Source records

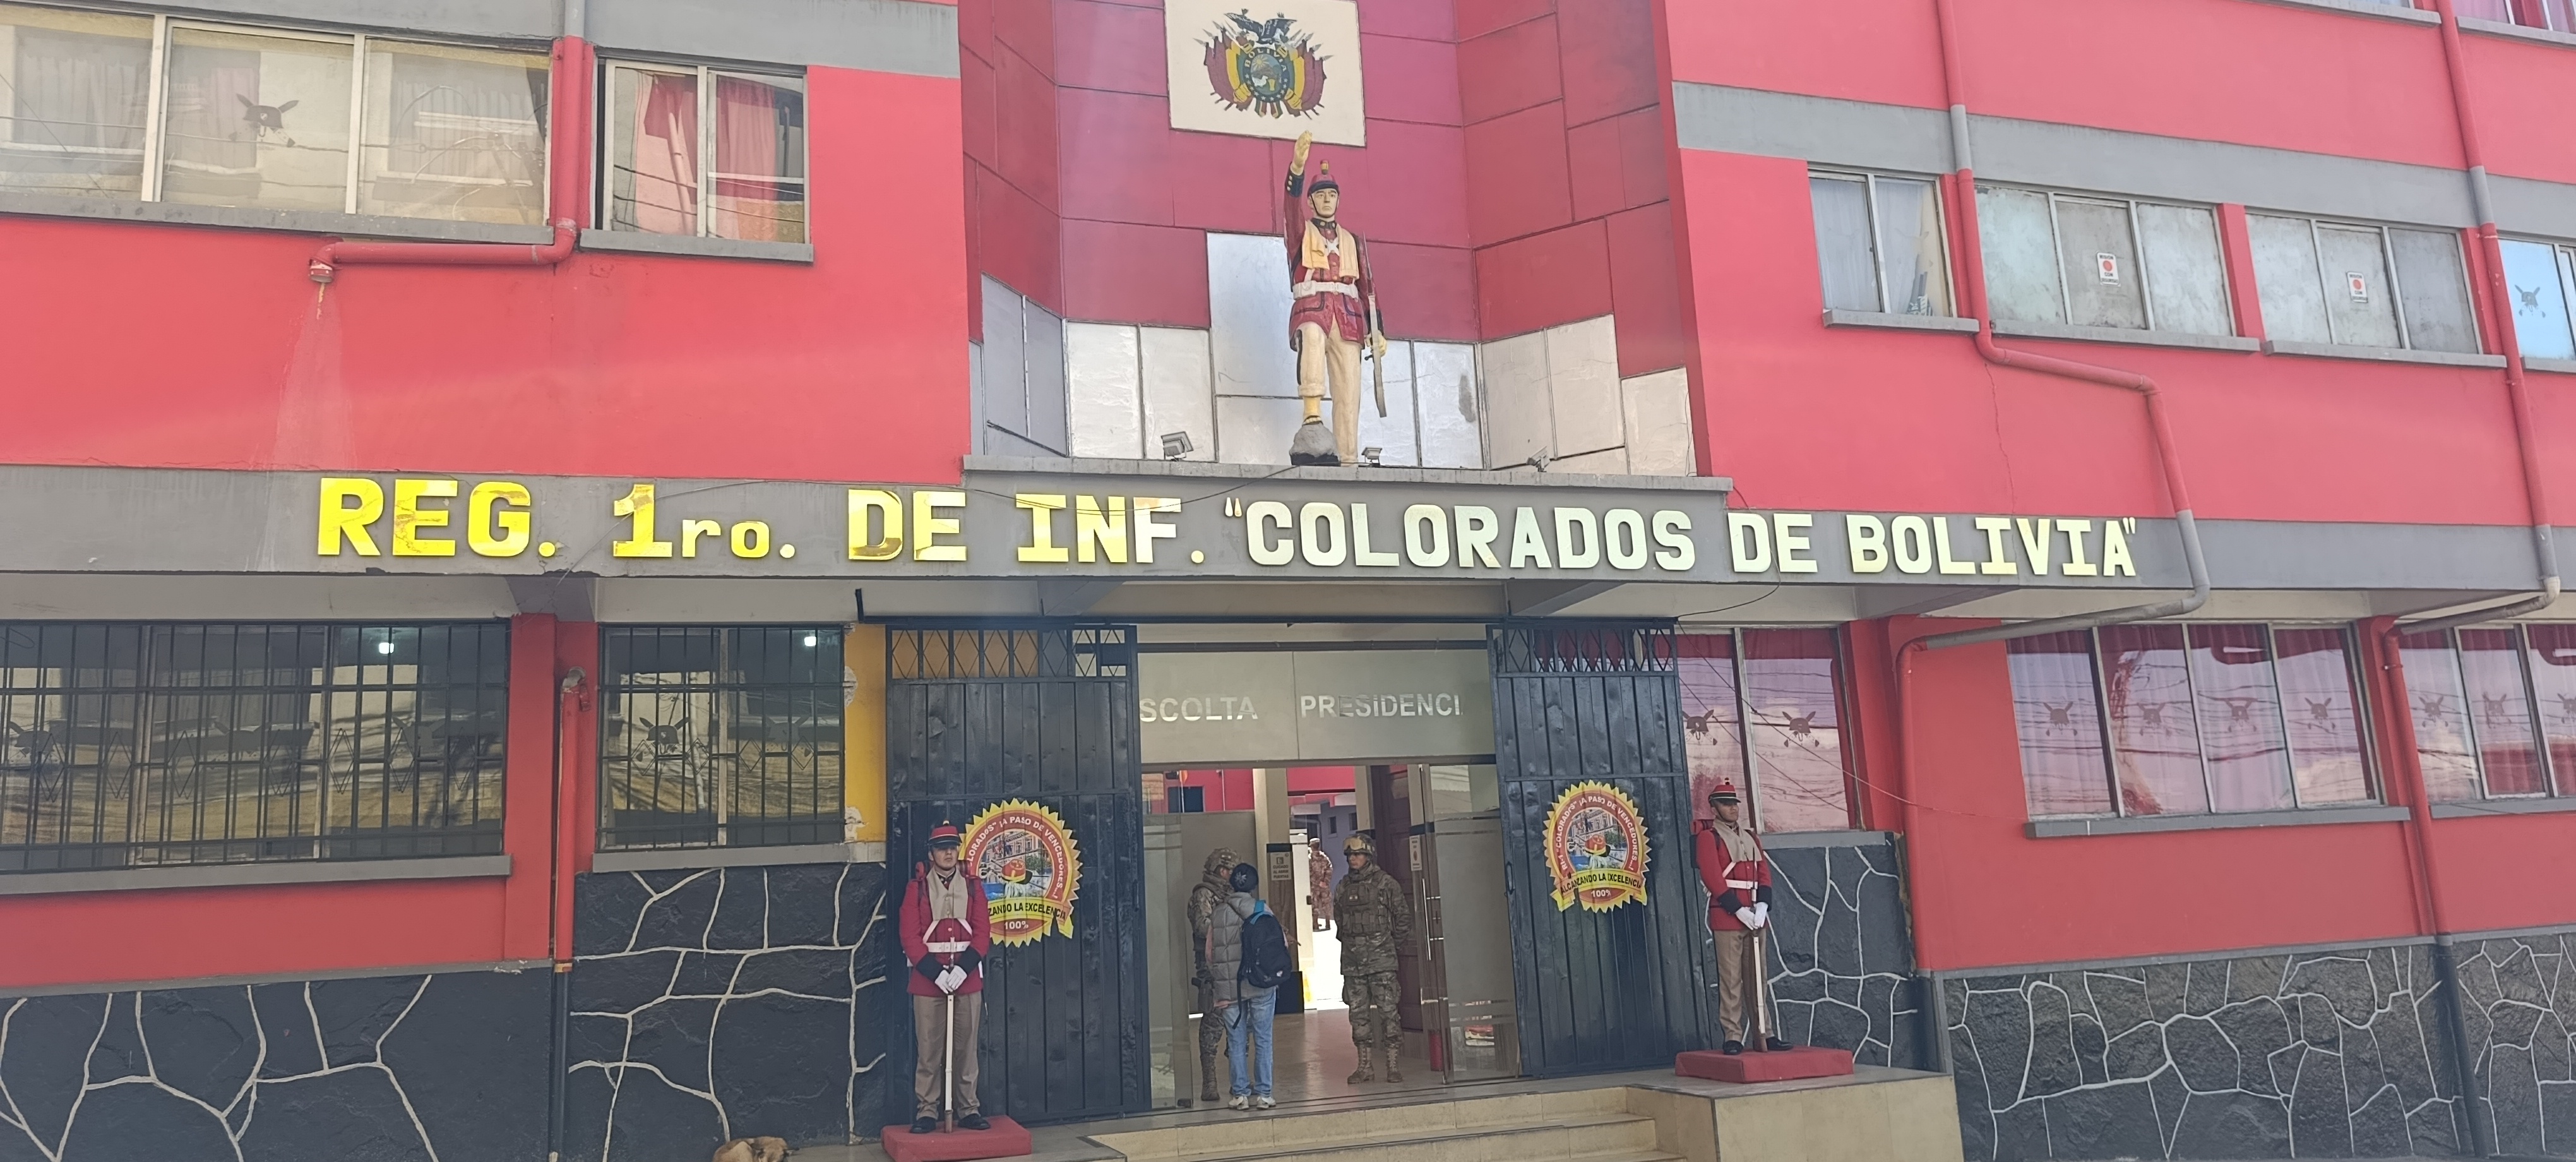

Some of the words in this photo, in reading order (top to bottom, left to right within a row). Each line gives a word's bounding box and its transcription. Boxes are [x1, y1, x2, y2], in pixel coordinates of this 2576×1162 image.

[1244, 48, 1287, 71] BOLIVIA
[318, 477, 556, 558] REG.
[612, 483, 796, 559] 1ro.
[848, 489, 967, 561] DE
[1015, 493, 1205, 564] INF.
[1225, 496, 1696, 571] "COLORADOS
[1727, 512, 1818, 573] DE
[1846, 513, 2137, 577] BOLIVIA"
[1139, 696, 1258, 722] SCOLTA
[1300, 693, 1463, 719] PRESIDENCI
[1588, 796, 1606, 805] PASO
[1607, 800, 1618, 810] DE
[967, 822, 997, 867] LORADOS"
[1010, 815, 1032, 825] PASO
[1032, 821, 1045, 832] DE
[1561, 873, 1597, 894] ALCANZANDO
[1599, 873, 1607, 882] LA
[1590, 889, 1611, 897] 100%
[1014, 902, 1023, 911] LA
[1025, 902, 1066, 921] EXCELENCIA
[1005, 920, 1029, 930] 100%
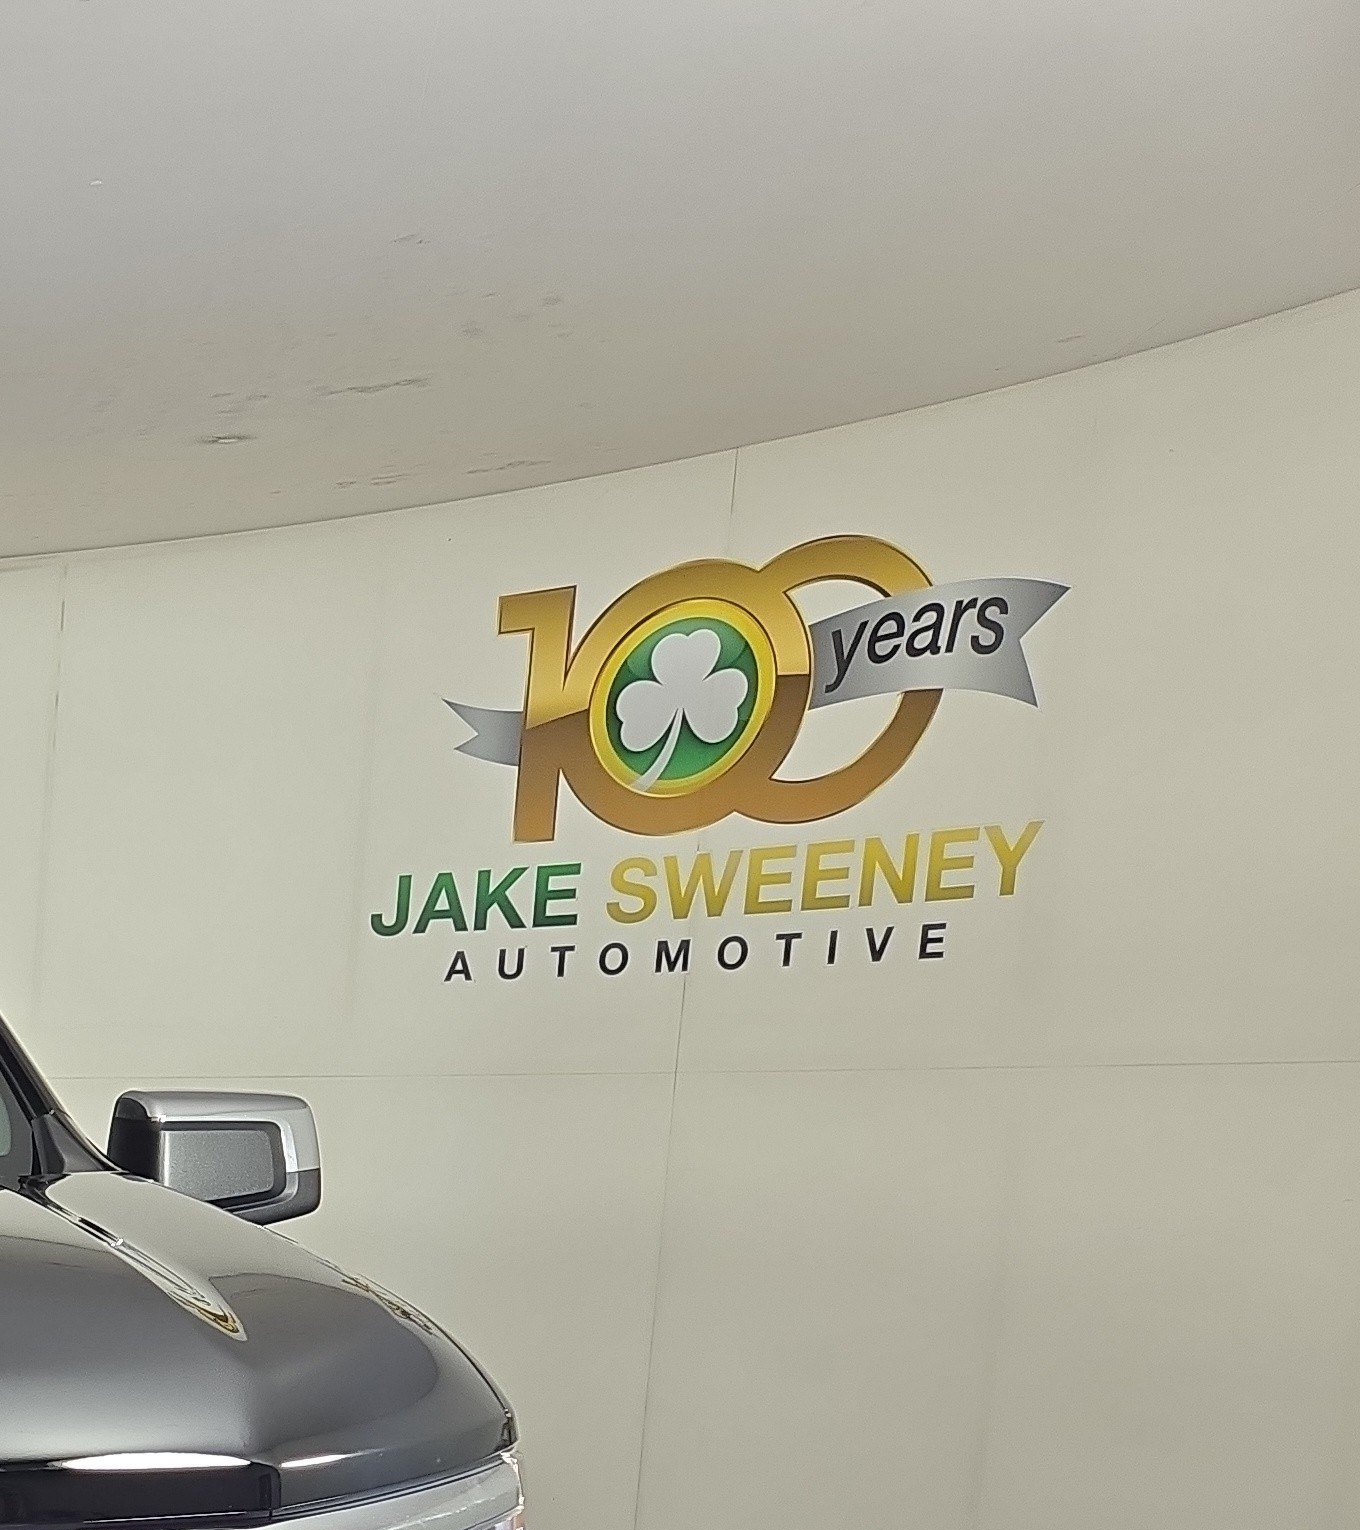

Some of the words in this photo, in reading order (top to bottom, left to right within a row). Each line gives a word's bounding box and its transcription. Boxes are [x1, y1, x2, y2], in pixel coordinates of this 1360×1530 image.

## What the task requires
The entries above should be given again exactly, minus any pictures.

## Expected answer
Some of the words in this photo, in reading order (top to bottom, left to right within a row). Each line gives a word's bounding box and its transcription. Boxes are [x1, y1, x2, y2], in pixel coordinates of this 2576×1162 image.

[1244, 48, 1287, 71] BOLIVIA
[318, 477, 556, 558] REG.
[612, 483, 796, 559] 1ro.
[848, 489, 967, 561] DE
[1015, 493, 1205, 564] INF.
[1225, 496, 1696, 571] "COLORADOS
[1727, 512, 1818, 573] DE
[1846, 513, 2137, 577] BOLIVIA"
[1139, 696, 1258, 722] SCOLTA
[1300, 693, 1463, 719] PRESIDENCI
[1588, 796, 1606, 805] PASO
[1607, 800, 1618, 810] DE
[967, 822, 997, 867] LORADOS"
[1010, 815, 1032, 825] PASO
[1032, 821, 1045, 832] DE
[1561, 873, 1597, 894] ALCANZANDO
[1599, 873, 1607, 882] LA
[1590, 889, 1611, 897] 100%
[1014, 902, 1023, 911] LA
[1025, 902, 1066, 921] EXCELENCIA
[1005, 920, 1029, 930] 100%

Some of the words in this photo, in reading order (top to bottom, left to right within a row). Each line gives a word's bounding box and its transcription. Boxes are [x1, y1, x2, y2], in pixel coordinates of this 1360×1530 image.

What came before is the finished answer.